Source: Grows in damp areas in buildings in materials that contain cellulose, such as wood trim, windowsills, wallboard, wood paneling, ceiling tiles and cardboard
Symptoms: Weakness, respiratory issues, ataxia (loss of control over bodily movements, low blood pressure, bleeding disorders and death
Fumonisin B1 (FB1) is produced by several species of Fusarium molds. A prolifically common mycotoxin, fumonisin B1 causes degeneration of neurons in the cerebral cortex and disrupts ceramide synthesis, the formation of a signaling molecule that regulates the development and death of neurons.
It also disrupts fatty acids in the cell membranes of nervous system and brain tissues. It increases lipid oxidation while inhibiting protein synthesis and causes DNA fragmentation and apoptosis (cell death).
Source: Found mostly in cereal grains, especially corn
Symptoms: Lethargy, pressure in the head, lack of appetite, convulsions, liver damage and death
Ochratoxin A (OTA) is released from different Aspergillus and Penicillium species. It damages the DNA, lipids and proteins in the body. It also depletes striatal dopamine, a neurotransmitter released from the forebrain, and is responsible for causing cell death in the hippocampus and other parts of the brain. Striatal dopamine regulates systemic glucose metabolism, strongly regulates our sense and use of time, and appropriate behavior and learning in response to sensory cues.
OTA causes oxidative stress, degrades mitochondrial function and inhibits protein synthesis. It is immunotoxic, neurotoxic, teratogenic (damages fetuses) and genotoxic (damages DNA) and has a very long half-life, accumulating in the food chain and in the body.
Sources: Cereals, wine, beer, grapes, chocolate, coffee, pork, poultry and dairy
Symptoms: Chronic fatigue, respiratory problems, kidney problems, fungal skin rashes, night sweats, dizziness, hair loss, conjunctivitis and hallucinations; linked to Parkinson’s and Alzheimer’s
Mycotoxins strongly impact gut microbiota composition, negatively affecting intestinal health by eliminating healthy bacteria and thus increasing gut pathogens. They can reduce the number of beneficial Lactobacilli and Bifidobacteria in the gut and impair the intestinal production of short-chain fatty acids.11
Because the gut and the brain are linked,12 mold’s toxic impact on them both has serious implications that researchers have yet to begin to explore. But it doesn’t take much to see that mycotoxins impairing these functions would short-circuit the gut-brain signaling system, degrading the body’s ability to detect and correct toxin overloads when they occur. And because both the brain and the gut have system-wide influences on every aspect of human biochemistry, it’s no wonder that mold-related symptoms are so many and varied, hard to pinpoint and difficult to treat.
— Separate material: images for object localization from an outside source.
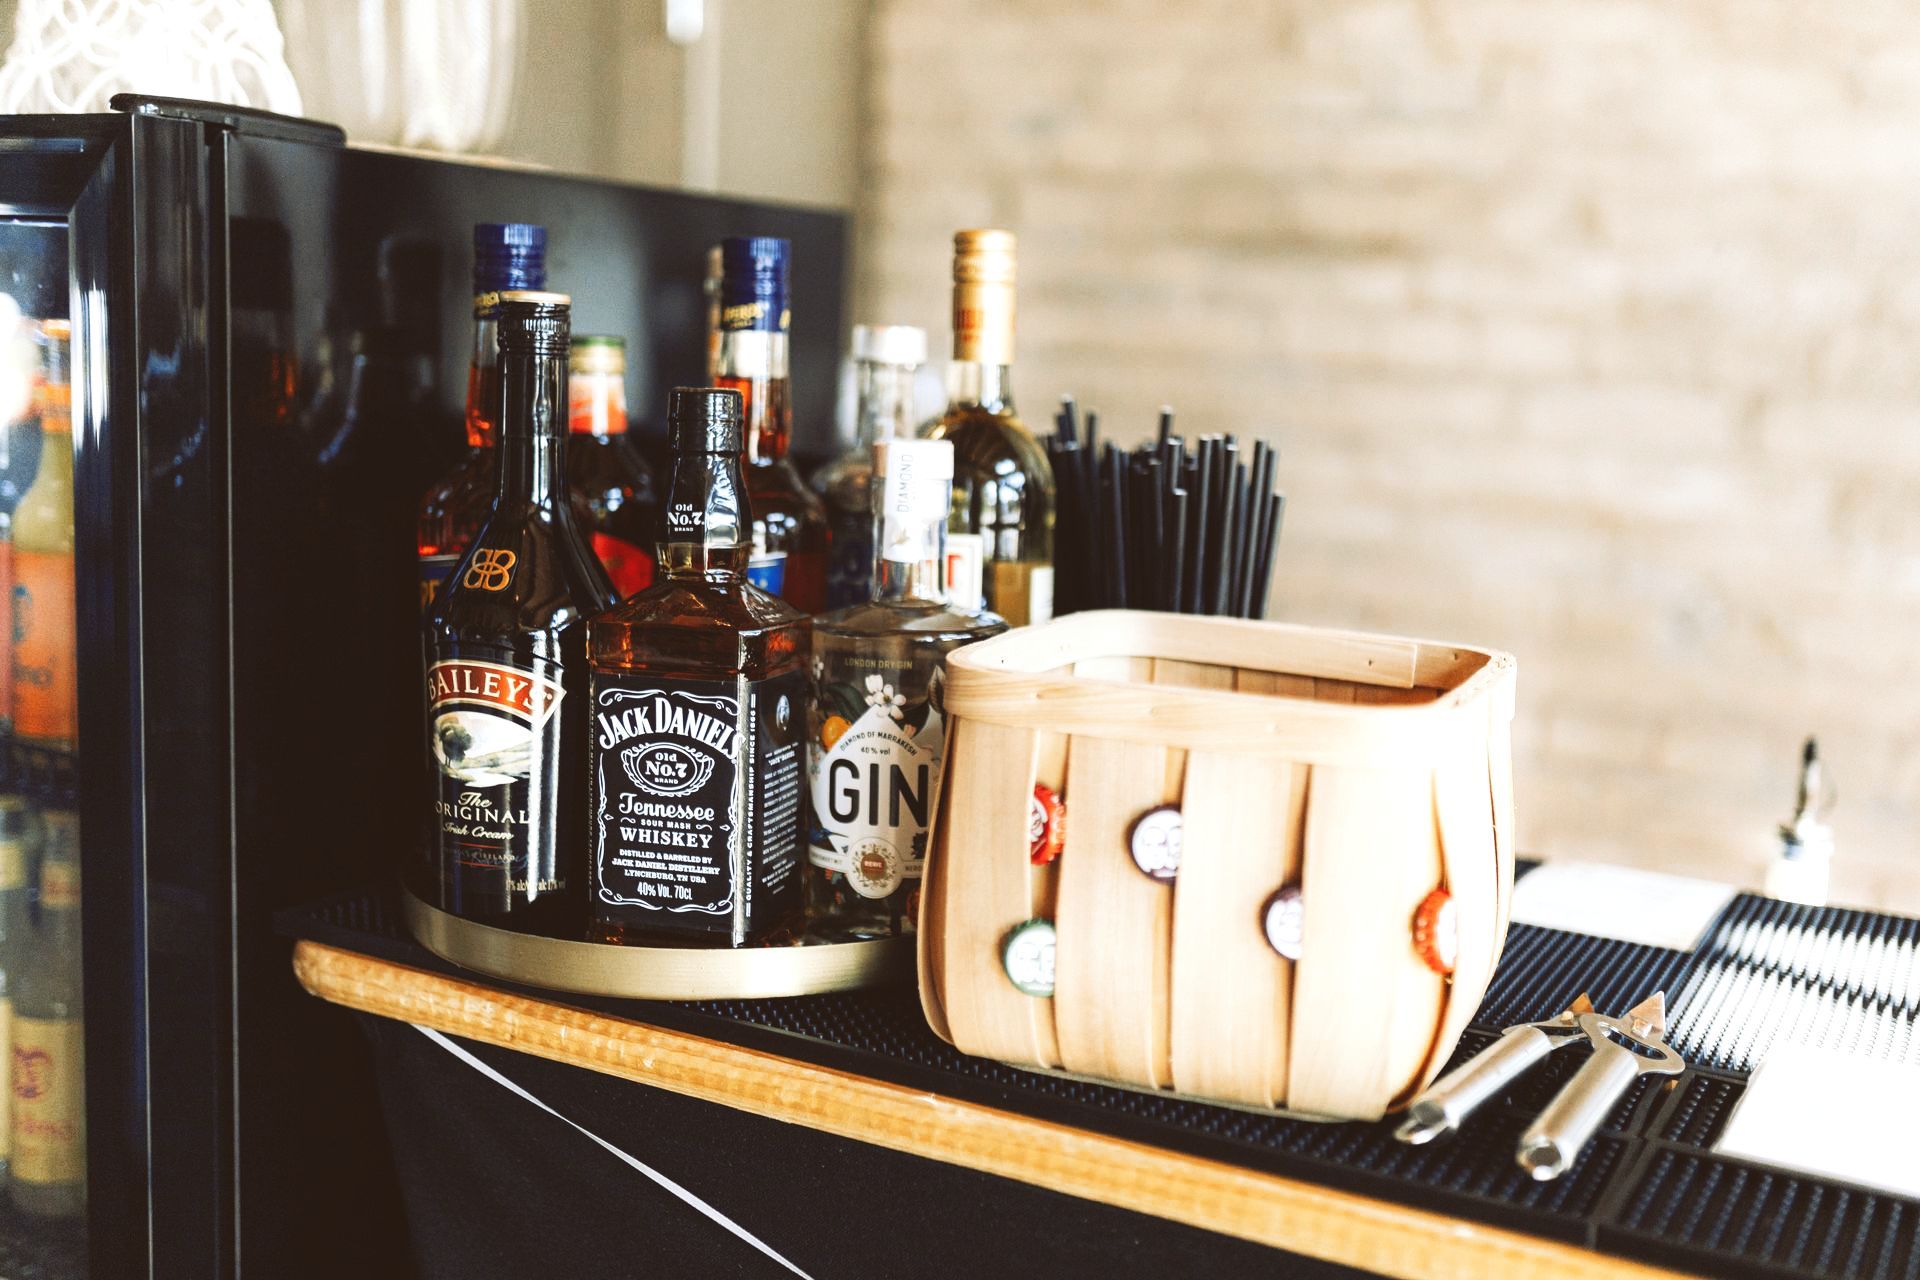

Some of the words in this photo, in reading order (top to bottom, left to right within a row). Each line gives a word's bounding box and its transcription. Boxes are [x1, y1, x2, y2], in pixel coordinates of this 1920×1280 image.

[897, 454, 914, 513] DIAMOND
[675, 504, 693, 512] Old
[844, 658, 877, 668] LONDON
[428, 669, 547, 708] BAILEYS
[597, 705, 654, 750] JACK
[840, 732, 866, 752] DIAMOND
[877, 731, 918, 757] MARRAKESH
[880, 747, 891, 755] vol
[655, 752, 678, 762] Old
[645, 761, 688, 778] No.7
[458, 791, 492, 808] The
[829, 758, 929, 828] GIN
[618, 792, 715, 821] Tennessee
[442, 821, 469, 836] Irish
[472, 825, 515, 840] Cream
[640, 818, 664, 828] SOUR
[667, 821, 691, 830] MASH
[620, 826, 713, 849] WHISKEY
[619, 849, 656, 859] DISTILLED
[663, 852, 701, 863] BARRELED
[611, 858, 634, 867] JACK
[635, 860, 668, 871] DANIEL
[668, 863, 721, 875] DISTILLERY
[624, 869, 676, 881] LYNCHBURG,
[677, 874, 689, 882] TN
[690, 876, 707, 884] USA
[745, 859, 753, 901] QUALITY
[637, 881, 656, 897] 40%
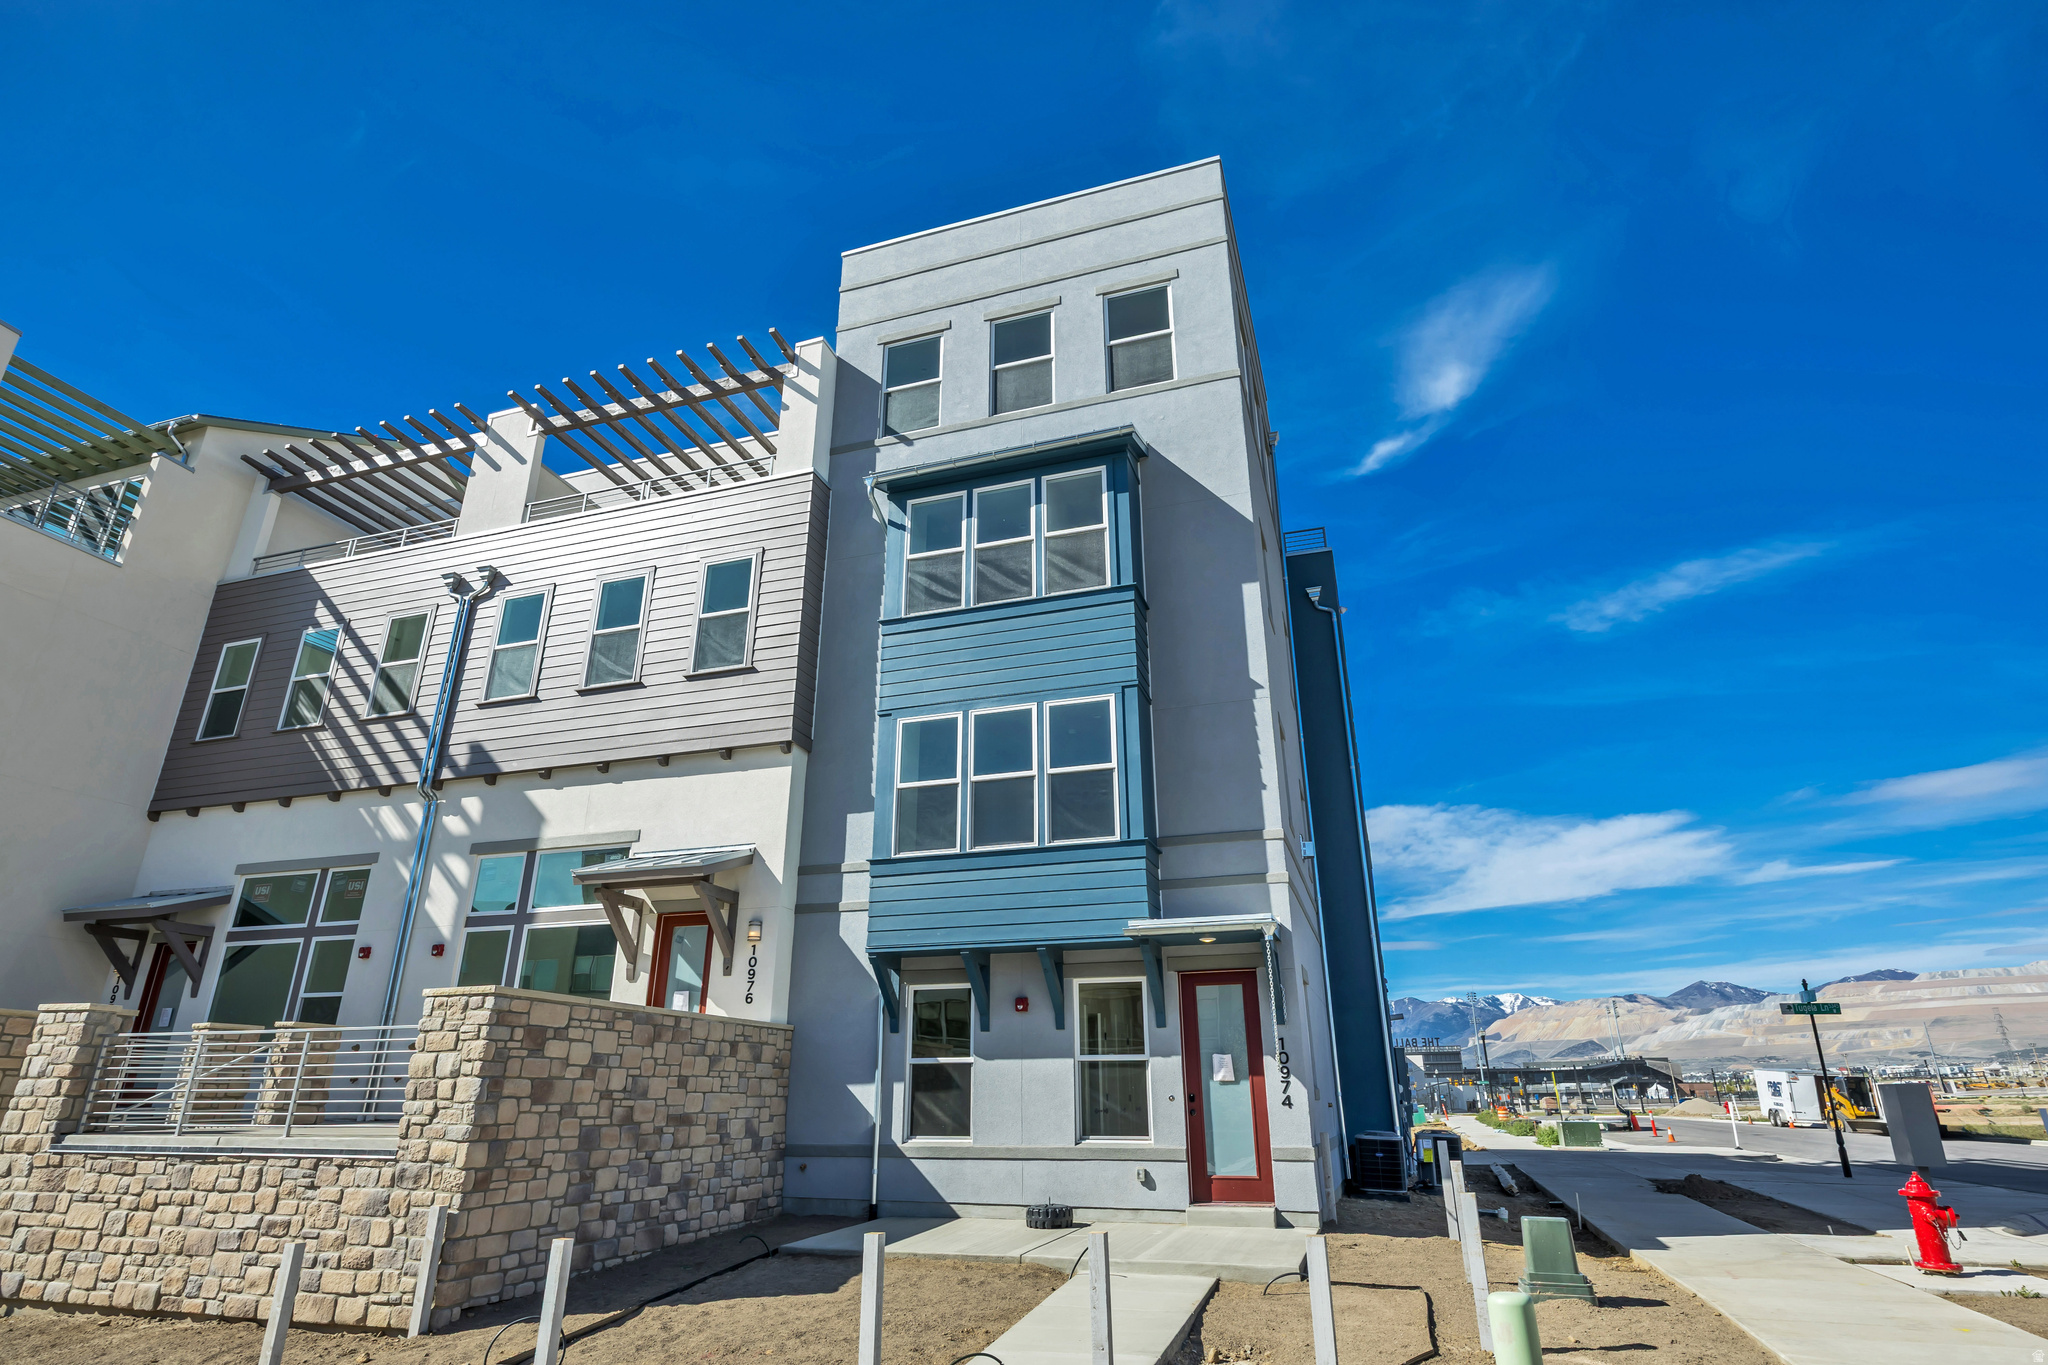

One of the earliest recorded treatment protocols for mycotoxin exposure originated in China some 3,000 years ago. People suffering from Gu syndrome (roughly meaning “hidden worms that putrefy and degenerate”) characteristically resisted all logical treatment and were often considered beset by demons.
“Gu syndrome, generally and simply speaking, is a chronic reaction to some type of infection,” says Eric Grey, LAc, MA, of Watershed Wellness in Astoria, Oregon (watershedwellnessastoria.com). “Lyme is the classic, but parasites like Giardia, bacteria like Salmonella and Shigella, and funguses such as Aspergillus can all be causes as well (or a combination thereof).
“In patients who are susceptible, typically those with other chronic illnesses or who are very weak or under great stress at the time of the infection, even if they clear the infection on lab tests, their body continues to act as though the infection is taking place. From a biomedical point of view, this may be viewed as a kind of auto-immune reaction, or may just be seen as the effects of the initial infection.”
According to Grey, the treatment in Chinese herbalism usually involves complex formulas that contain, at minimum, very pungent, aromatic herbs, qi and blood-building herbs (essentially herbs that help to strengthen immune, digestive and circulatory function), and herbs that have a direct effect on viruses, bacteria, molds and other infective agents.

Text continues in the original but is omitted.